Publication year - 2021
Publication title -
ethology
Language(s) - English
Resource type - Journals
SCImago Journal Rank - 0.739
H-Index - 74
eISSN - 1439-0310
pISSN - 0179-1613
DOI - 10.1111/eth.13209
Subject(s) - brood parasite , biology , brood , offspring , intraspecific competition , zoology , host (biology) , ecology , parasitism , paternal care , pregnancy , genetics
Brood parasites lay their eggs in the nests of other females, thereby shifting the costs of offspring care onto others. Given that care is costly, potential hosts should evolve mechanisms to avoid brood parasitism. Meanwhile, brood parasites should evolve mechanisms to circumvent host defences. Here we investigate whether hosts or intraspecific brood parasites adjust their egg laying behaviour as a mechanism to reduce or increase the effectiveness of brood parasitism. We use the burying beetle Nicrophorus vespilloides as our study system, in which hosts and brood parasites lay their eggs in the soil around a carcass controlled by the host. To test whether females adjust their egg laying behaviour when breeding as a host or brood parasite, we used an experimental design with three treatments: hosts, where focal females bred alongside a smaller female; brood parasites, where focal females bred alongside a larger female; and controls, where focal females bred alone.
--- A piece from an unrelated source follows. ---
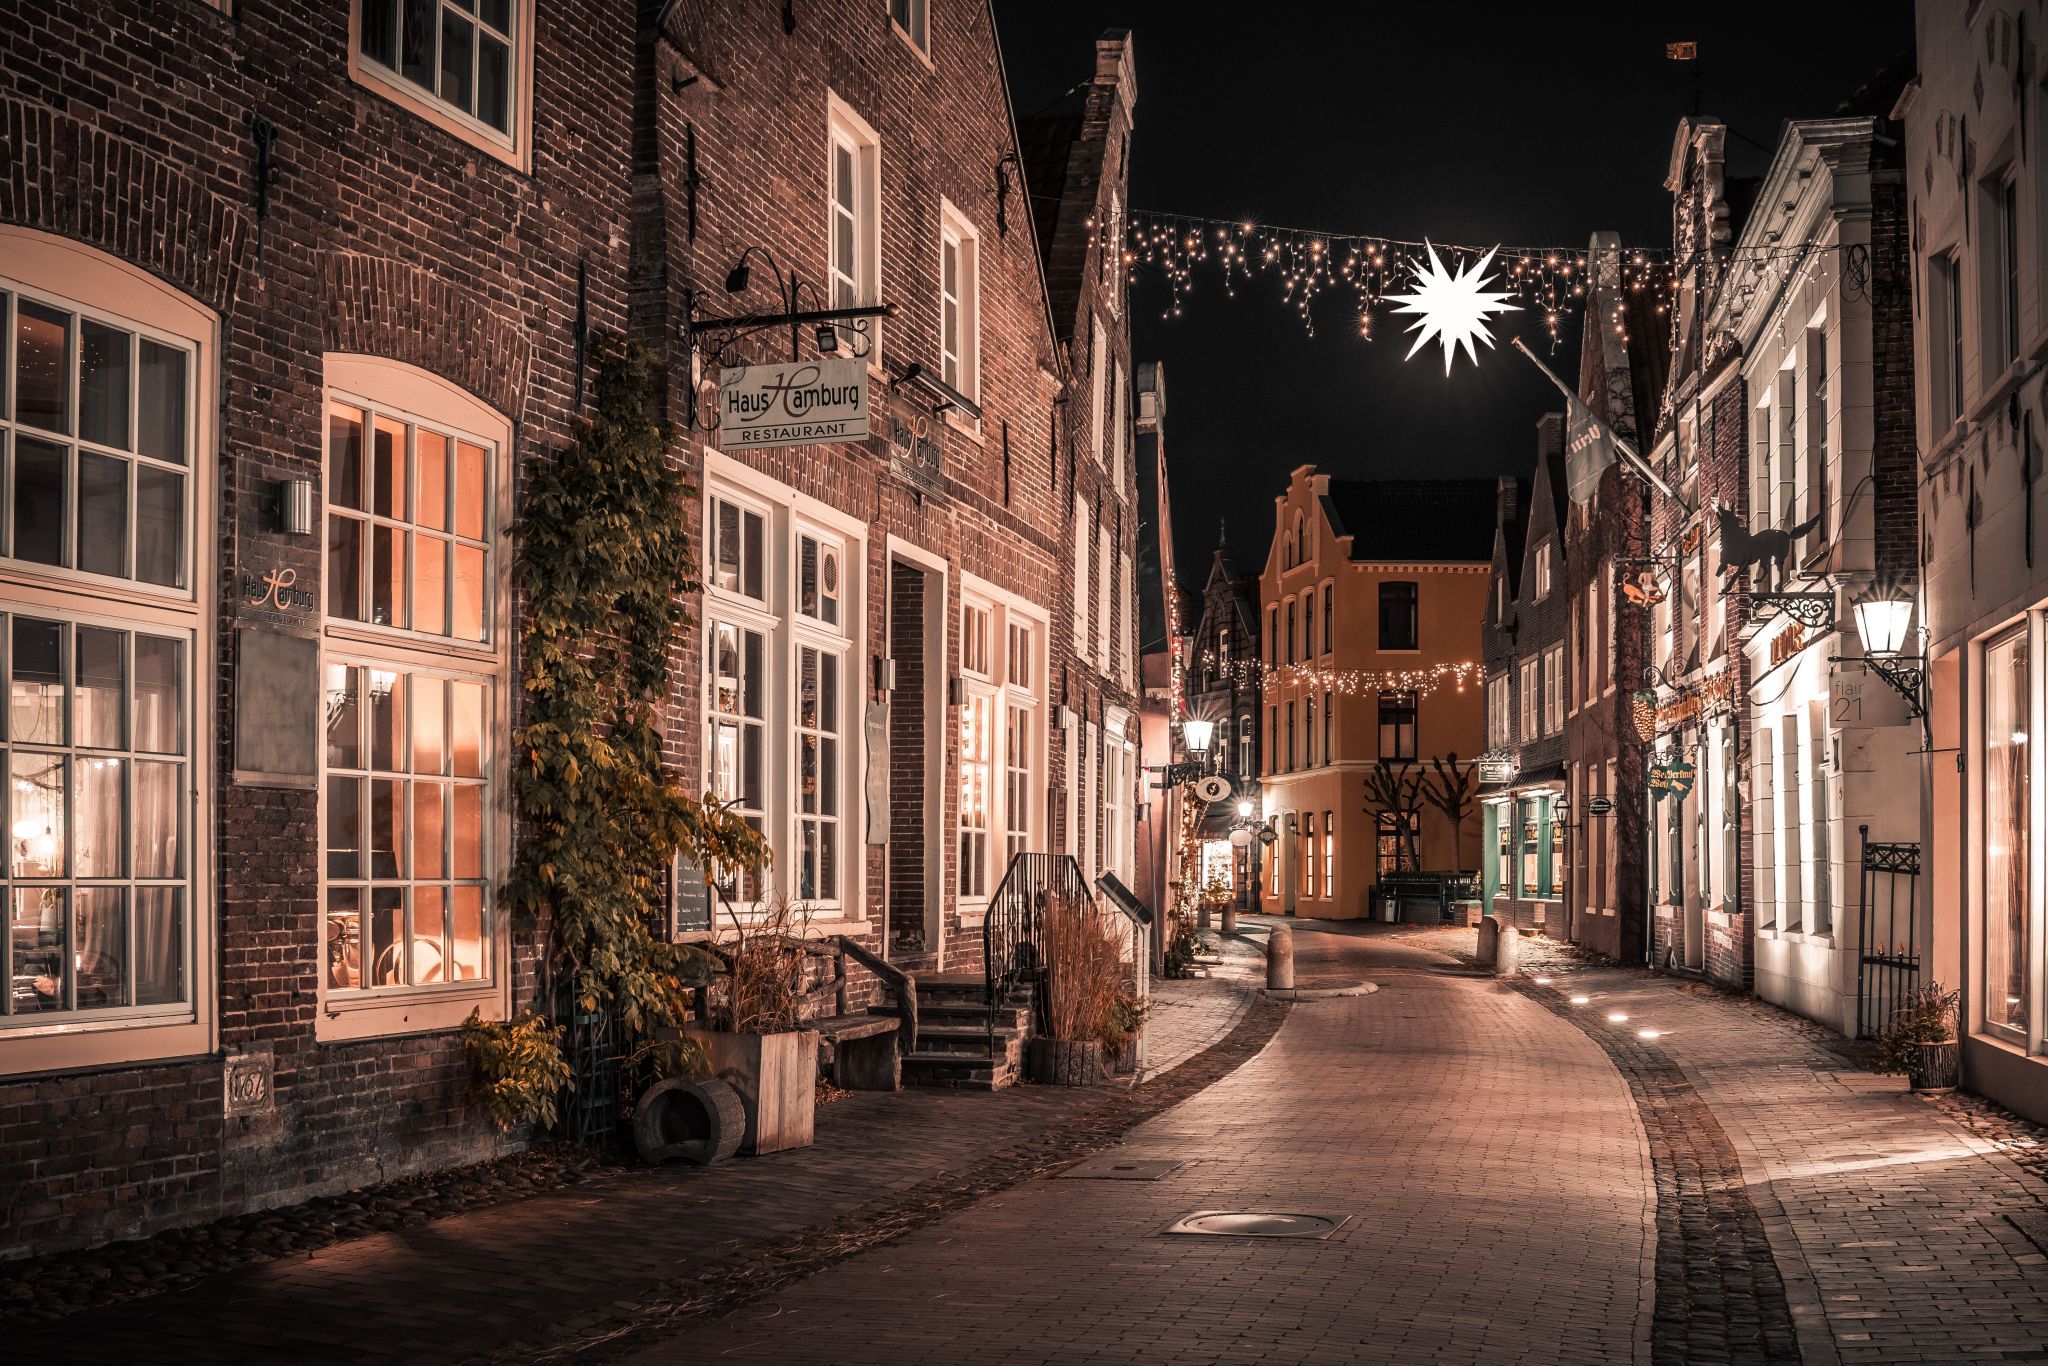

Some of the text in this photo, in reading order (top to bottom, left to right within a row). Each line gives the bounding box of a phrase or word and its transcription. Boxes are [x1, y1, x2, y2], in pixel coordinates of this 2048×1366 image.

We used focal females from a narrowly defined size range to control for potential effects of body size. We found that hosts delayed the start of egg laying, which may allow them to recognise brood parasitic offspring that arrive too early. Meanwhile, brood parasites laid their eggs over an extended period, which may increase the chances that their egg laying overlapped with the host. Our results suggest that adjusting egg laying behaviour is a mechanism used by both hosts and brood parasites that may contribute to the differences in reproductive success shown in prior studies.